#### Task directions
Repeat these records exactly, pictures excluded.

#### Given entries
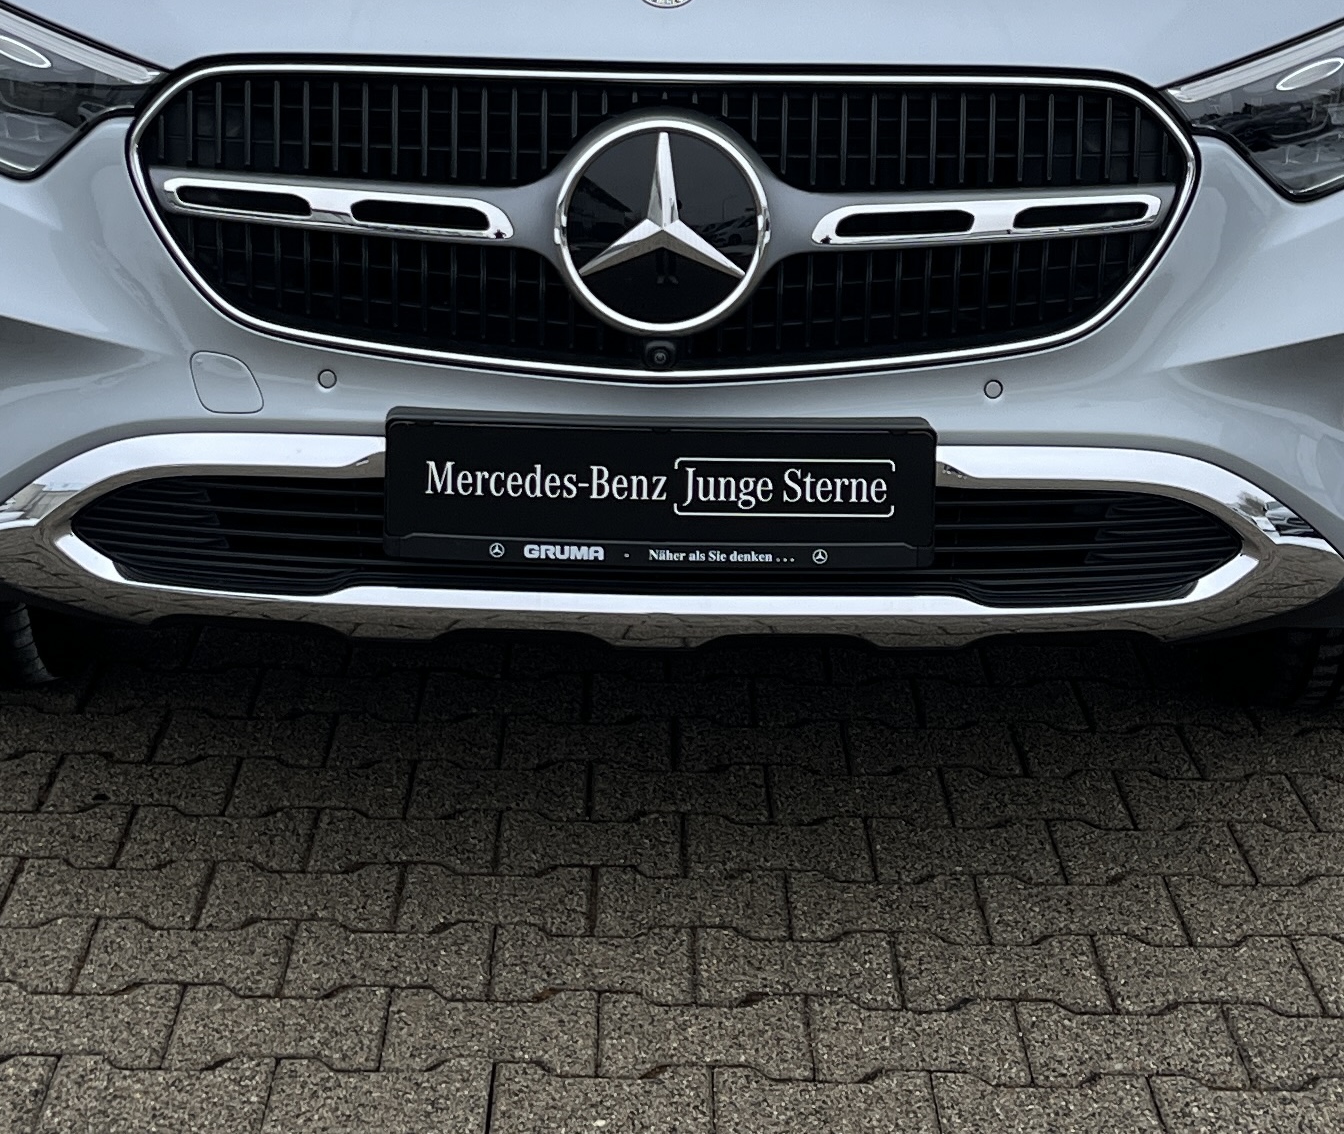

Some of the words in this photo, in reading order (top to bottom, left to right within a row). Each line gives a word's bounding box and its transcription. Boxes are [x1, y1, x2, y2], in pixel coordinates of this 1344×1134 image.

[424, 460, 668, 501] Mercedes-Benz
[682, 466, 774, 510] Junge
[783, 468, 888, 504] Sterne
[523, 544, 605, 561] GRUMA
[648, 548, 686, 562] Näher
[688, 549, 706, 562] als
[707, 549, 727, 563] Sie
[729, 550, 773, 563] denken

#### Solved exercise
Some of the words in this photo, in reading order (top to bottom, left to right within a row). Each line gives a word's bounding box and its transcription. Boxes are [x1, y1, x2, y2], in pixel coordinates of this 1344×1134 image.

[424, 460, 668, 501] Mercedes-Benz
[682, 466, 774, 510] Junge
[783, 468, 888, 504] Sterne
[523, 544, 605, 561] GRUMA
[648, 548, 686, 562] Näher
[688, 549, 706, 562] als
[707, 549, 727, 563] Sie
[729, 550, 773, 563] denken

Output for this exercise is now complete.